I think we almost always are in some meaningful (if mostly symbolic, non-formal) way. Even in an ideal case, that “only through” language means there will likely be some correlation between the outcome and the instrument that will be evident, however naively. Indeed, here it is in our simple/ideal case.
%>% select(y, instr) %>% cor() Fake
## y instr
## y 1.0000000 0.4300242
## instr 0.4300242 1.0000000
However, that correlation is “only through” the treatment and you’ll recall there is no systematic effect of the instrument on the outcome. When you’re doing IV stuff, this is a story you tell and sell and not something you formally test.
Alrightie, let’s get to it then with a replication of Dee. I think we’re slightly off here because of the abbreviated nature of the data I got.

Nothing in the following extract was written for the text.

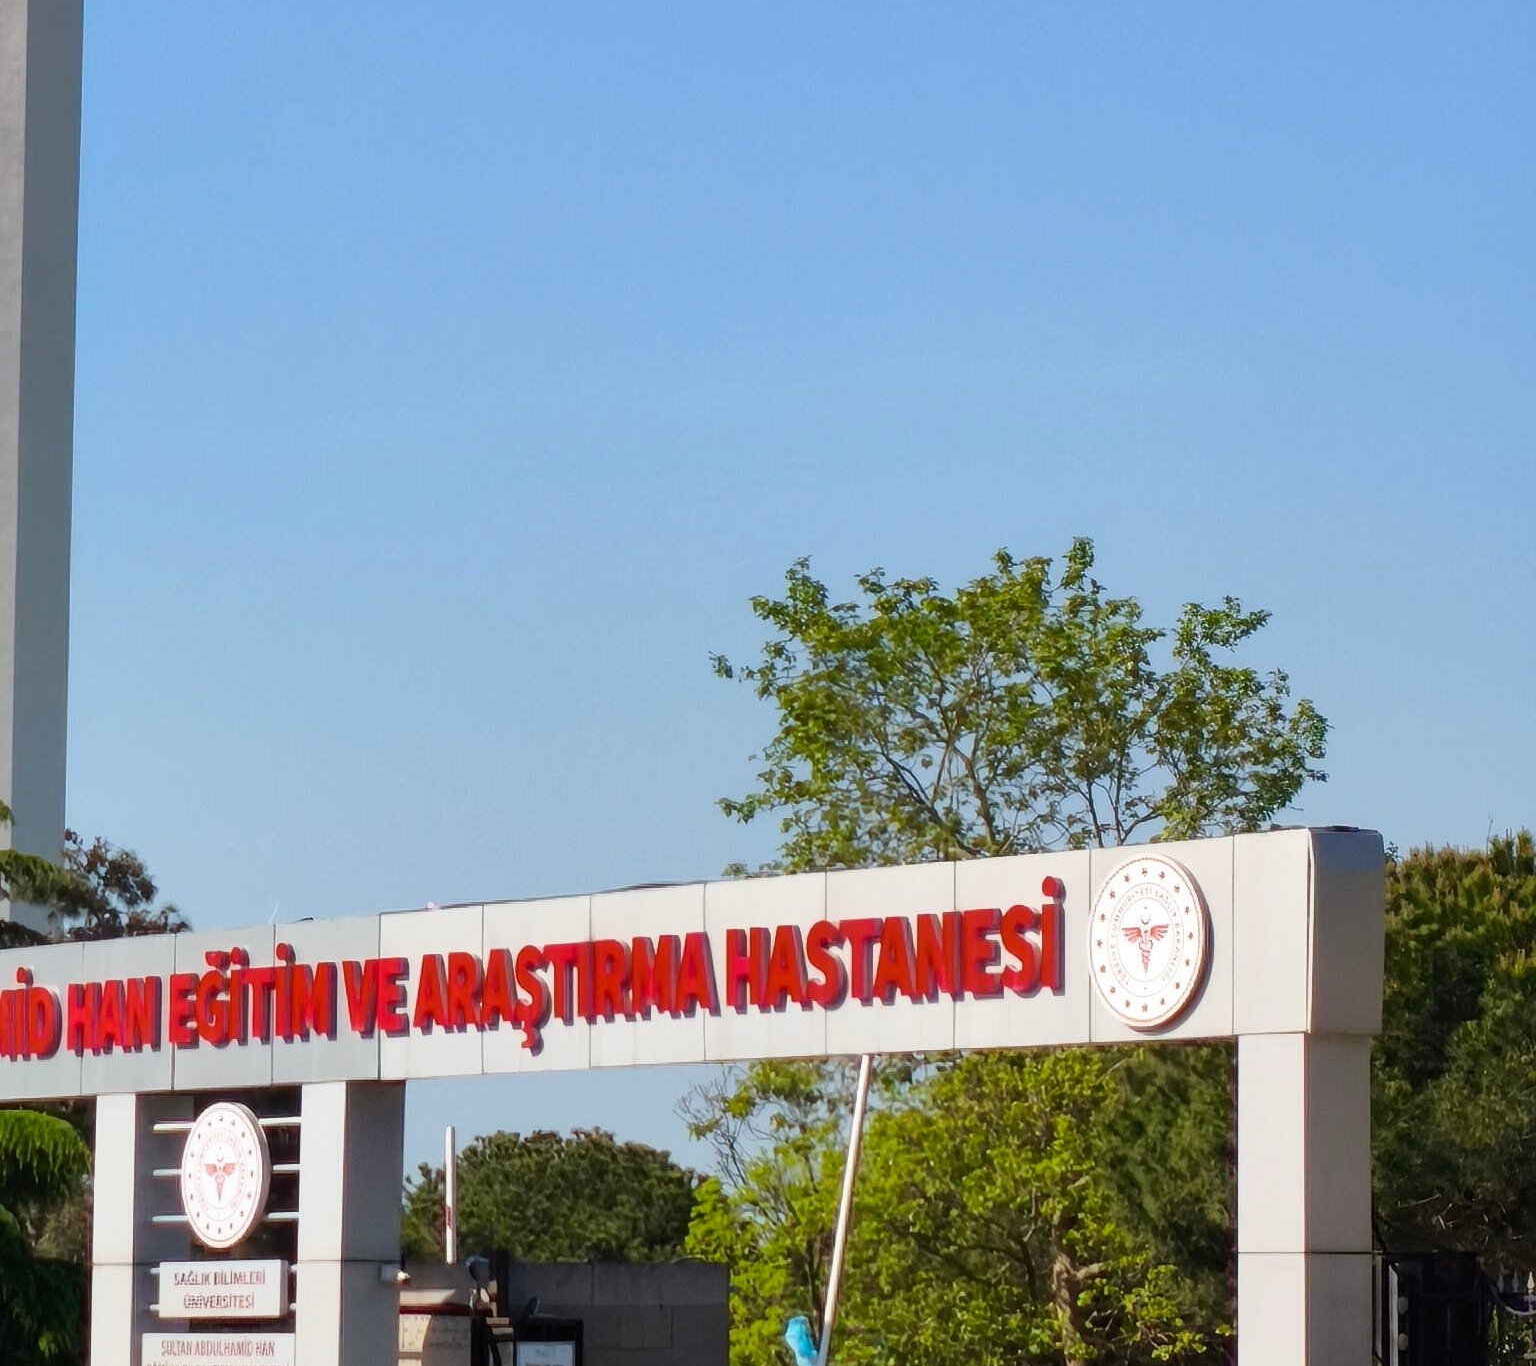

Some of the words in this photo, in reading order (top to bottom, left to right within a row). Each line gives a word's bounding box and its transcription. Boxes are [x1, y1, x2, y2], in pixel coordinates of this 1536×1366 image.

summary(D2 <- iv_robust(register ~ college + black + hispanic + female | distance + black + hispanic + female, data=Dee04))
##
## Call:
## iv_robust(formula = register ~ college + black + hispanic + female |
## distance + black + hispanic + female, data = Dee04)
##
## Standard error type: HC2
##
## Coefficients:
## Estimate Std. Error t value Pr(>|t|) CI Lower CI Upper DF
## (Intercept) 0.527284 0.04596 11.4725 2.907e-30 0.437191 0.61738 9222
## college 0.228787 0.08140 2.8108 4.952e-03 0.069234 0.38834 9222
## black 0.068605 0.01477 4.6456 3.438e-06 0.039657 0.09755 9222
## hispanic 0.034047 0.01501 2.2676 2.338e-02 0.004615 0.06348 9222
## female 0.005863 0.01004 0.5839 5.593e-01 -0.013821 0.02555 9222
##
## Multiple R-squared: 0.0348 , Adjusted R-squared: 0.03438
## F-statistic: 6.717 on 4 and 9222 DF, p-value: 2.149e-05
It suggests a civics return to education, as Dee reports.